The poster slogan for this movie is "You'll be hanging from the laffters at the funniest picture since money went out of style!", and I want to register that you can reuse this slogan when making comedies in a post-scarcity society. I may not live to see if, but I know it'll happen one day.
- The Cutting Edge (1992): A fun film that combines the two cinematic obsessions of the 1990s: Howard Hawks-esque hate-to-love rom-coms, and athletes playing the wrong sport. More training montages and less actual figure skating than Yuri on Ice kept me from getting sports bored. One of the rare films that suffered the "surely the Soviet Union will still exist by the time out movie comes out" problem.

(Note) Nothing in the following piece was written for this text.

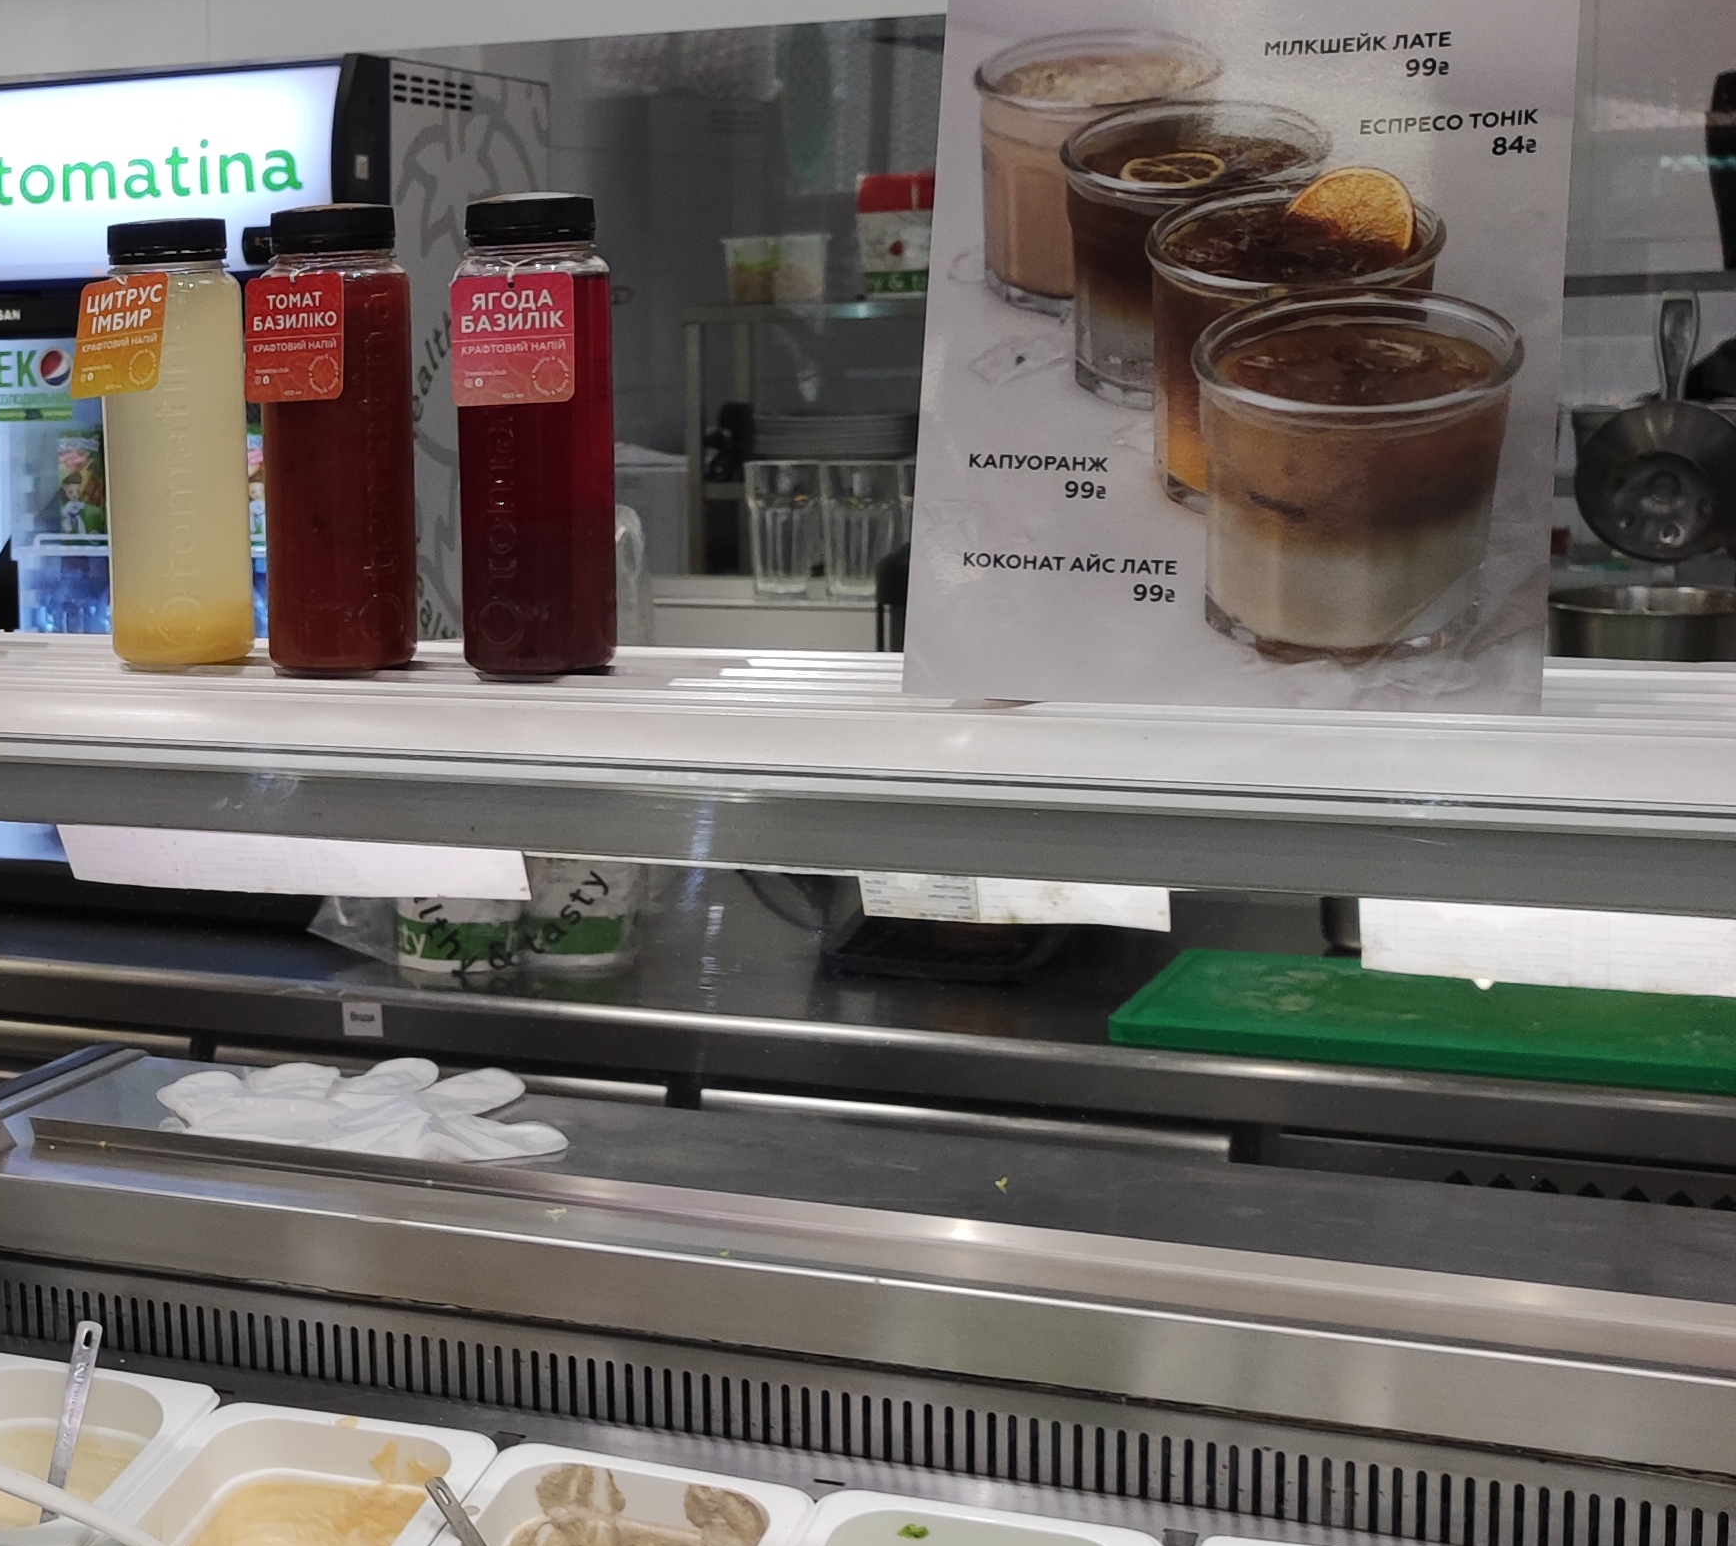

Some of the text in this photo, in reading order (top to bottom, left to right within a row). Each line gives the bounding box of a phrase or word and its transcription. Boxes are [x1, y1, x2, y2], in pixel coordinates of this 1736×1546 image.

- Gorky Park (1983): This film did not have that problem. I liked the police procedural elements but once the political conspiracy is revealed it seems relatively penny-ante, though I guess that too is realistic. The sets (indoor and outdoor) are great and there are a number of excellent comic relief characters, including Ian McDiarmid as a nutty professor.
- Titanic (1997): The film I felt like I'd seen, but I'd really only seen a big chunk of the first, less interesting half. The epic runtime of Titanic makes more sense if you see it as two movies: an upstairs-downstairs romance followed by a Miracle Mile-esque thriller of betrayal, personal cowardice and societal collapse. That second movie is really compelling, the first movie I found a little dull, but I admired how it carefully shows you everything that's going to be destroyed in the second half.
- The Afterlight (2021): The film with no IMDB page, and the first once I saw in the theater (at the museum, natch) since Gravity in March 2020. There are certain scenes that get written into one screenplay after another, certain shots that are reused verbatim across the history of film, and this movie mashes a lot of those up into something that can get pretty hypnotic. The unique constraints around the showing of this movie make it difficult to see, but it's worth seeing if it comes to your town; there's a fun twist at the end and the closing credits are touching.
Mon Nov 07 2022 07:43 Stress Response:
As promised, the November/December issue of Analog includes "Stress Response", a Ravy Uvana story in which Judicant Uvana helps a young human who went into space believing it would be a big, fun adventure... and who still believes that at the end of the story! Have fun!
The big change I made after my writing group critiqued "Stress Response" was explicitly explaining why the stress response happened; no one got it and without that crucial piece of information the story feels like watching someone else's vacation slides. Many, many times my writing group has told me "Leonard, you need to explicitly explain the thing instead of expecting us to figure it out."
Two more stories of mine are coming up in Analog: "Meat", the first Ravy Uvana story I ever wrote; and "Race to the Bottom", a flash piece that explains why everything is so terrible. Both coming out next year, I guess? I've deposited the checks!
Sun Nov 27 2022 18:05 ████:
Like today's algorithmic creativity tools, many NaNoGenMo projects take as their grist the results of other peoples' creativity and hard work: years, even centuries of work. My own In Dialogue and Amazon Prime are manipulations of public domain texts, and for Alphabetical Order and Brutus and Cassius, at the close of the scene I took the entire English literary canon as my input. Linked By Love mined thousands of books for their back cover copy—by far the most difficult part of the book to write. For 2022, I've created a NaNoGenMo work that reuses no one's text but my own.
████ is a blackout piece made from the text of my unpublished novel, Mine. I've redacted every word that shows up in one of my two published novels, Constellation Games and Situation Normal. You'll see lots of names, places, technical terms, odd digressions on Cleopatra and zucchini, punctuation, and (I assume) typoes. That's it.
This is an appropriate source text since Mine is a story about people preserved as the things around them are erased, and then juxtaposed without context. But really, I could tell you it was about anything and you'd have to believe me... for now.